Jake made a sort of noncommittal grunt. So maybe he wasn’t part wolf so much as part pig? Aquapig? She smiled. That sounded like it could be a spinoff of the British show about the pig family that her youngest nephew was obsessed with.
Carol Senior excused herself, saying she needed to make a phone call, and CJ ran a brush through Jake’s hair. “I’m trying to learn more about updos and braids. There never used to be that much demand for them, but Moonflower Bay has gotten popular with tourists in recent years. I’m finding myself doing more weddings.” She patted Jake on the shoulder. “Jake is nice enough to let me practice on him in exchange for a weekly wash and the odd trim.”
He shrugged. “They do some kind of thing to it that gets the tangles out.”
“Deep condition.” CJ chuckled as she fastened a smock around Nora’s neck and handed her a magazine. “Let me just wash Jake’s hair real quick and get the conditioner in, and I’ll start on you. Sound good?”
Nora nodded, suddenly not trusting herself to speak. Because the view in the mirror was all wrong. She had been going to the same salon in Toronto for years. Sitting in the same stylist’s chair. Because her hair was so short, she’d logged a lot of hours in that particular chair, looking at that particular view. It had been nothing special—the busy, big-city salon had featured two rows of chairs parallel to each other, deep inside the space, so all she’d ever seen in the mirror was other people’s cuts and colors in progress. Here she could see a slice of Main Street though the large plate-glass window at the front of the salon. The graceful, historic redbrick buildings contrasted sharply with the deep-blue sky.
This view was, objectively, nicer. But it was different.
She was ambushed by the notion that this was it. This was the view from the salon chair for the next two years.
She had actually done it. She was here. It was day one of the life reset.
The past month had been filled with logistics: quitting her job, doing the banking stuff required to get out from under shared bills, disentangling herself from the man she’d thought she was going to spend the rest of her life with.
There hadn’t been time to stop and think. To feel.
But now that she was here, she realized how totally alone she was. Not just boyfriendless but colleagueless. Friendless. One hundred percent on her own.
But that was okay, she reminded herself. That was the point. She had let herself grow way too dependent on—and deferential to—Rufus. Somewhere along the way, she’d lost herself.

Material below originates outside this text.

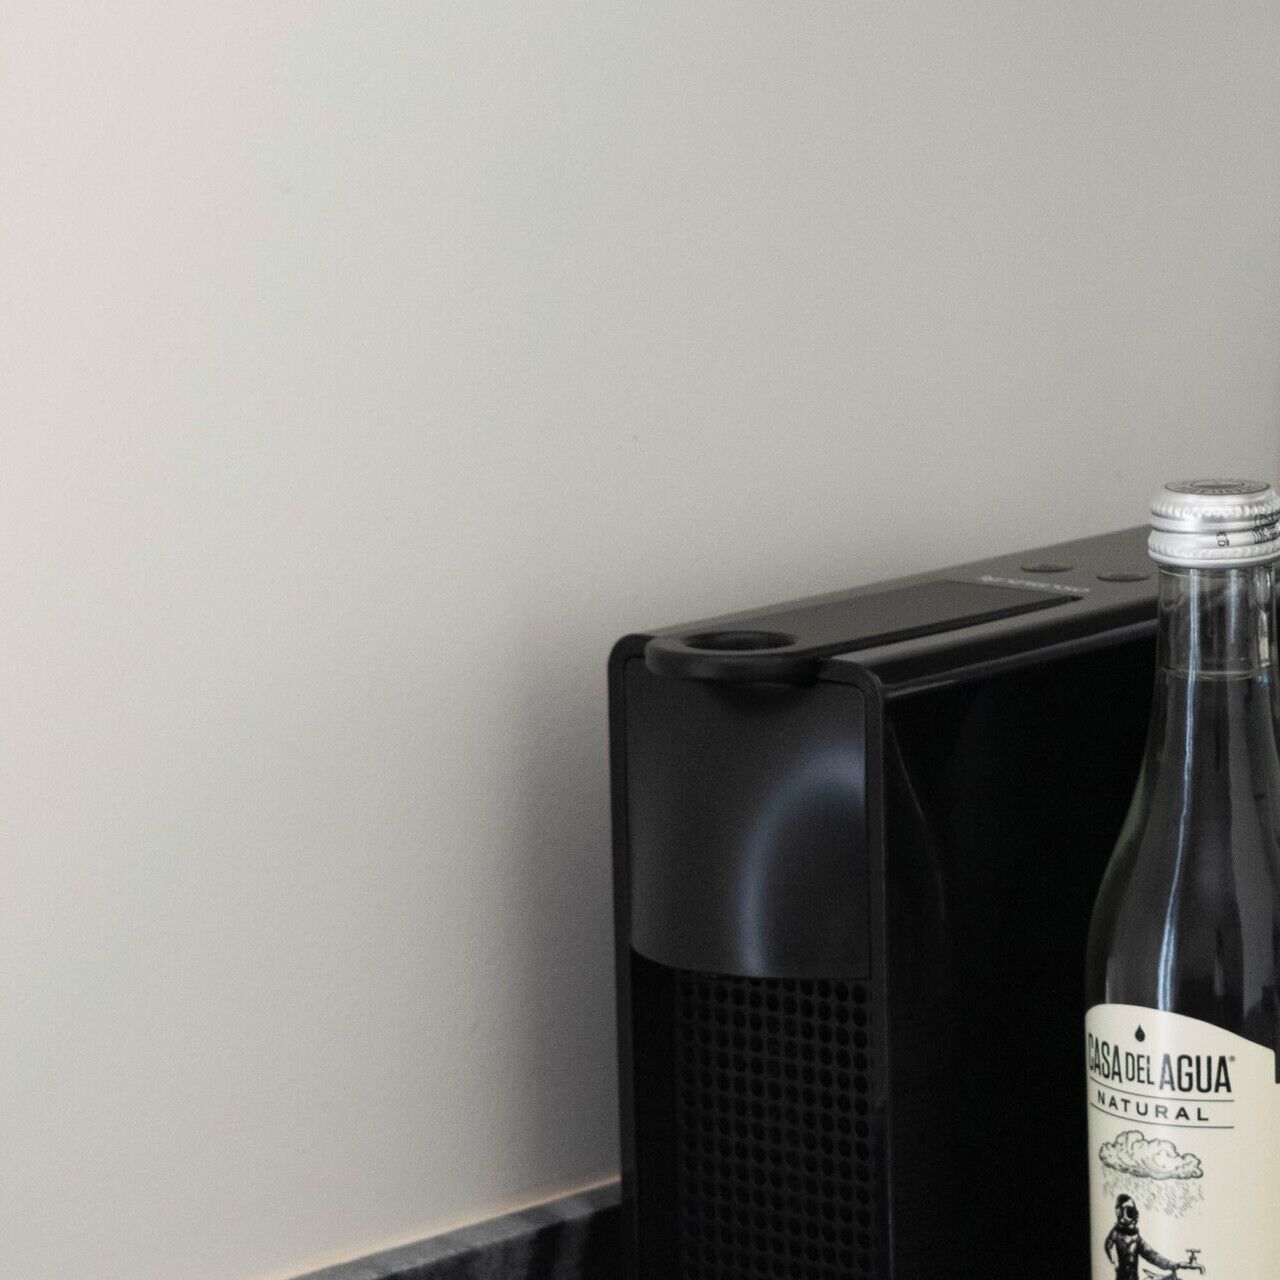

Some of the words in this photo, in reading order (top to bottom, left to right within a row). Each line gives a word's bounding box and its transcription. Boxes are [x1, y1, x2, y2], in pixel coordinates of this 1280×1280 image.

[1088, 1032, 1122, 1083] CASA
[1125, 1051, 1155, 1086] DEL
[1097, 1090, 1209, 1121] NATURAL

She was jarred from her maudlin thoughts when the door opened and two women came rushing in.
“That was fast,” Carol Senior said.
Both the women were older, and in a flurry of introductions, she learned that they were Pearl Brunetta, who owned a bakery, and Eiko Anzai, the editor of the town newspaper. Pearl, who had blue hair—and not old-lady blue but screaming electric blue—wanted to know when Nora was going to open the clinic. Eiko wanted to know if she’d do an interview with the paper.
They peppered her with questions about her plans until CJ elbowed her way in. “Ladies. Don’t overwhelm her. She just got here. And I gotta do her hair now, so skedaddle.”
“Sorry, sorry,” Pearl said. “You come by my shop for some pie real soon, Dr. Walsh. On the house.”
“And you let me know about that interview, okay, hon?” Eiko said.
Nora agreed to both demands and smiled as she listened to them bicker on their way out.
“You shouldn’t call her hon,” Pearl admonished.
“I call everyone hon.”
“Yeah, but she’s a doctor. You should be showing respect. We want her to stay, Eiko!”
“Okay, I’ll start calling her Dr. Hon.”
CJ winked at Nora in the mirror. “All right, Dr. Hon, let’s get started.”
As Jake sat under one of the dryers with his conditioner-slathered, plastic-wrapped hair piled on his head, he listened to the women talking about the new doctor’s hair. It was, apparently, a “pixie cut.”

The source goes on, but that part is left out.